* _EXCERPTED RECORDS_
———

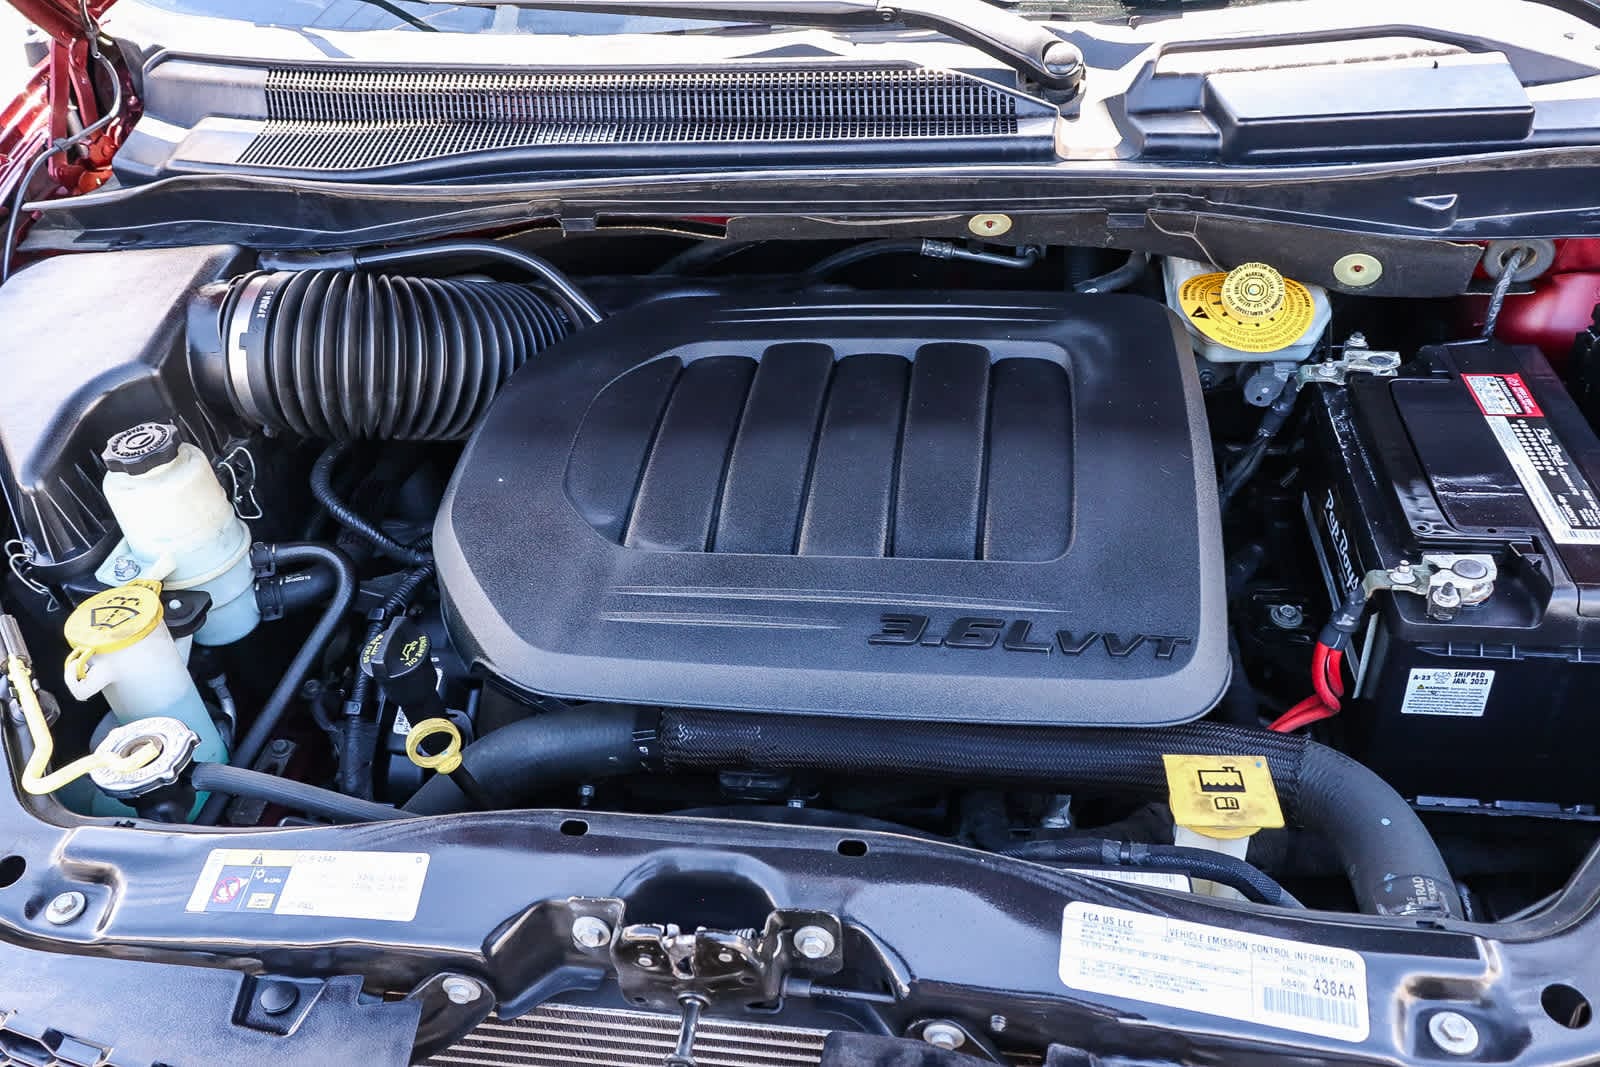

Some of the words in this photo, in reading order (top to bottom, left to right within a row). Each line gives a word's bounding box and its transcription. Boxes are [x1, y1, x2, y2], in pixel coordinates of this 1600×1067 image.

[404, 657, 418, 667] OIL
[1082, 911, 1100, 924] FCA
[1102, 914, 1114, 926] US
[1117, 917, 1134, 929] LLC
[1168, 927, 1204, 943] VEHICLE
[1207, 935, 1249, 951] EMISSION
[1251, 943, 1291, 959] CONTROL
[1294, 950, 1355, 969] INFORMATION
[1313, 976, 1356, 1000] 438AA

———

* _TASK_
Drop the pictures and set down the data above exactly.

* _FINISHED EXERCISE_
Some of the words in this photo, in reading order (top to bottom, left to right within a row). Each line gives a word's bounding box and its transcription. Boxes are [x1, y1, x2, y2], in pixel coordinates of this 1600×1067 image.

[404, 657, 418, 667] OIL
[1082, 911, 1100, 924] FCA
[1102, 914, 1114, 926] US
[1117, 917, 1134, 929] LLC
[1168, 927, 1204, 943] VEHICLE
[1207, 935, 1249, 951] EMISSION
[1251, 943, 1291, 959] CONTROL
[1294, 950, 1355, 969] INFORMATION
[1313, 976, 1356, 1000] 438AA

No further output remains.